- [Assignment] Every entry below should appear in the answer exactly as written, apart from the pictures.

# # #

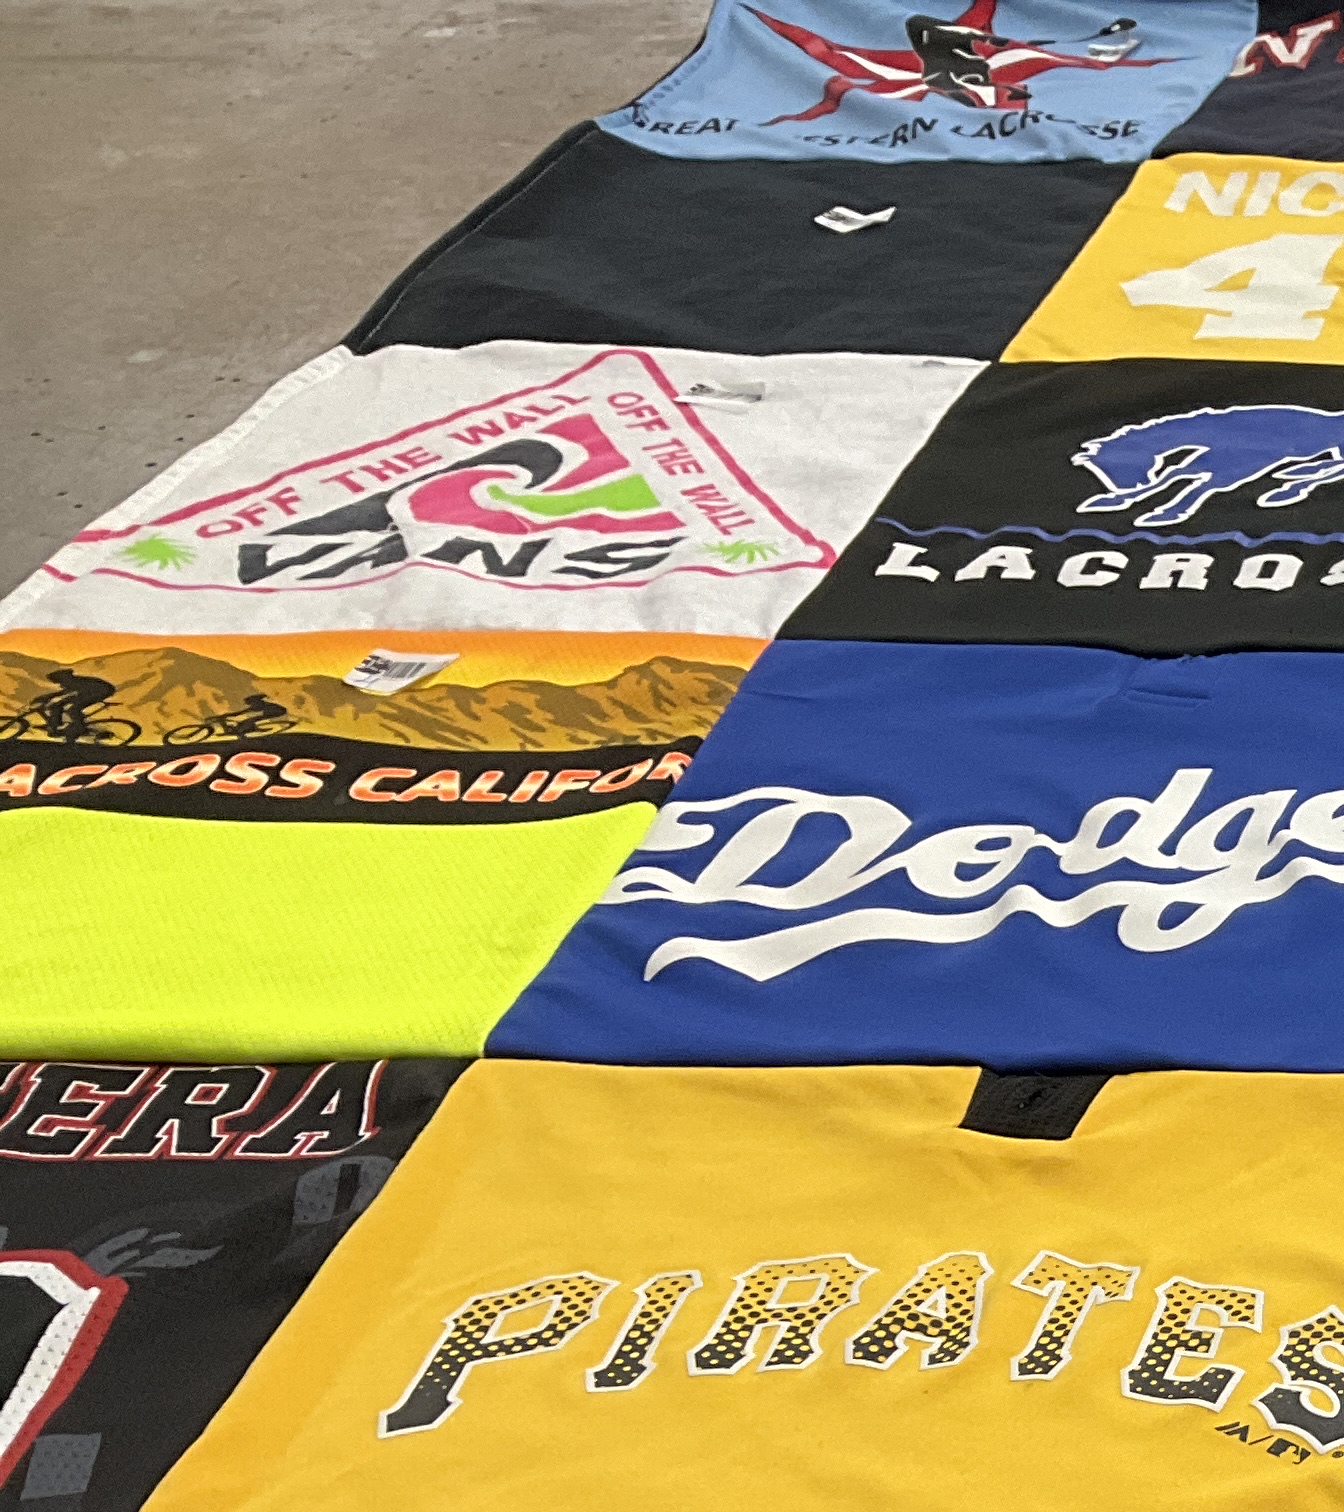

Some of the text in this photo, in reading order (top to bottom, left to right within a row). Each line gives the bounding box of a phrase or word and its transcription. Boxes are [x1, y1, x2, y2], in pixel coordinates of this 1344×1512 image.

[195, 394, 591, 538] OFF THE WALL
[607, 391, 755, 535] OFF THE WALL
[237, 531, 687, 585] VANS
[0, 751, 335, 799] ACROSS
[0, 1060, 386, 1163] ERA
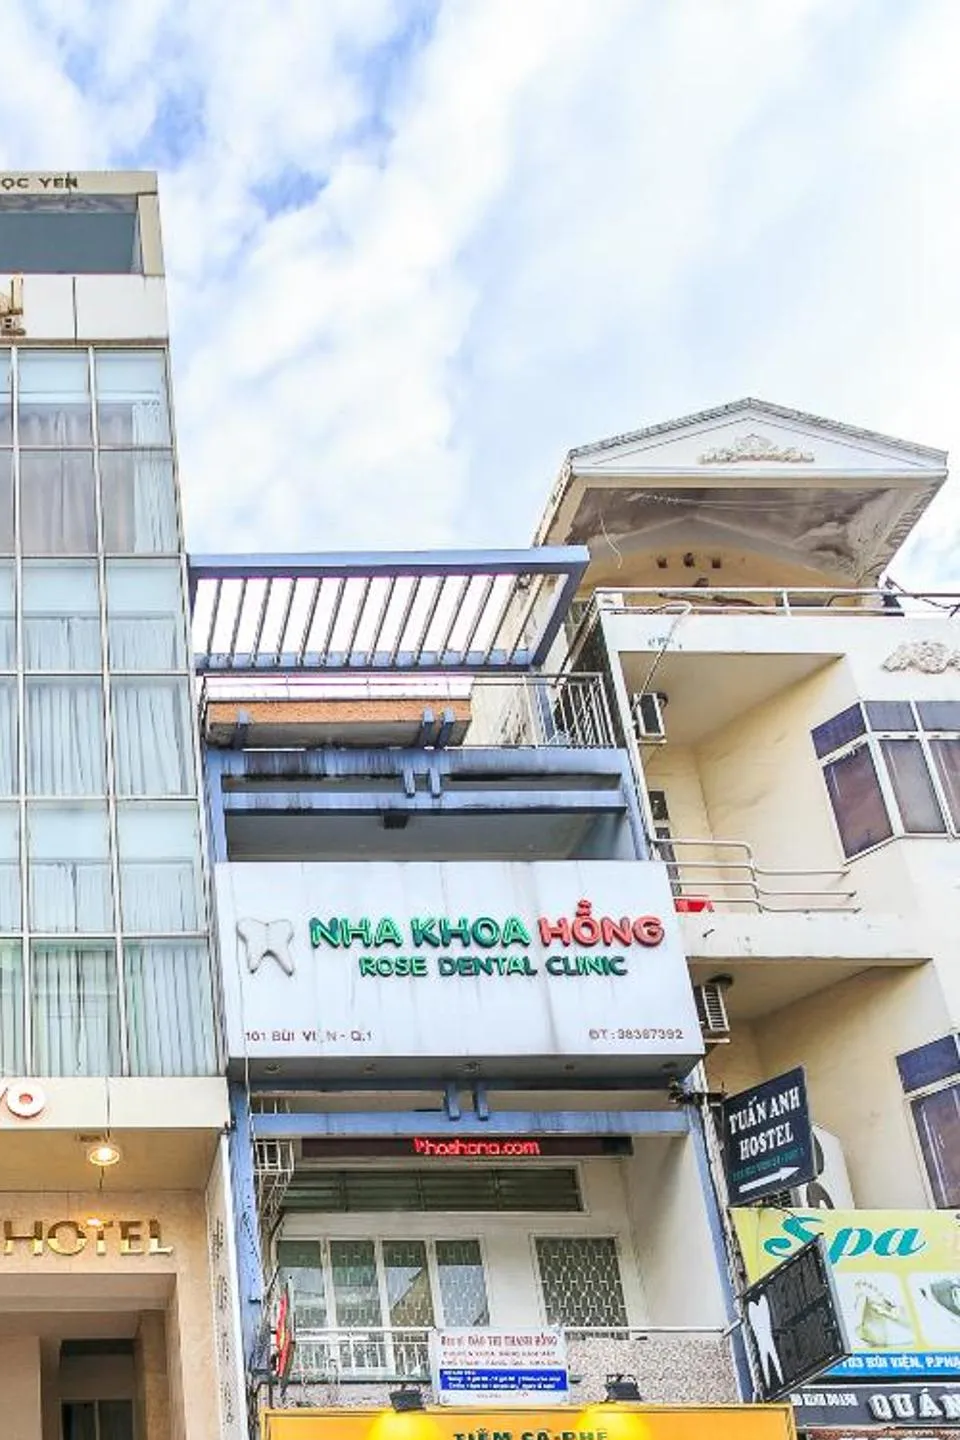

# # #

- [Written answer]
Some of the text in this photo, in reading order (top to bottom, left to right within a row). Each line gives the bounding box of a phrase or word and its transcription. Boxes are [x1, y1, x2, y2], in pixel coordinates of this 1344×1512 image.

[195, 394, 591, 538] OFF THE WALL
[607, 391, 755, 535] OFF THE WALL
[237, 531, 687, 585] VANS
[0, 751, 335, 799] ACROSS
[0, 1060, 386, 1163] ERA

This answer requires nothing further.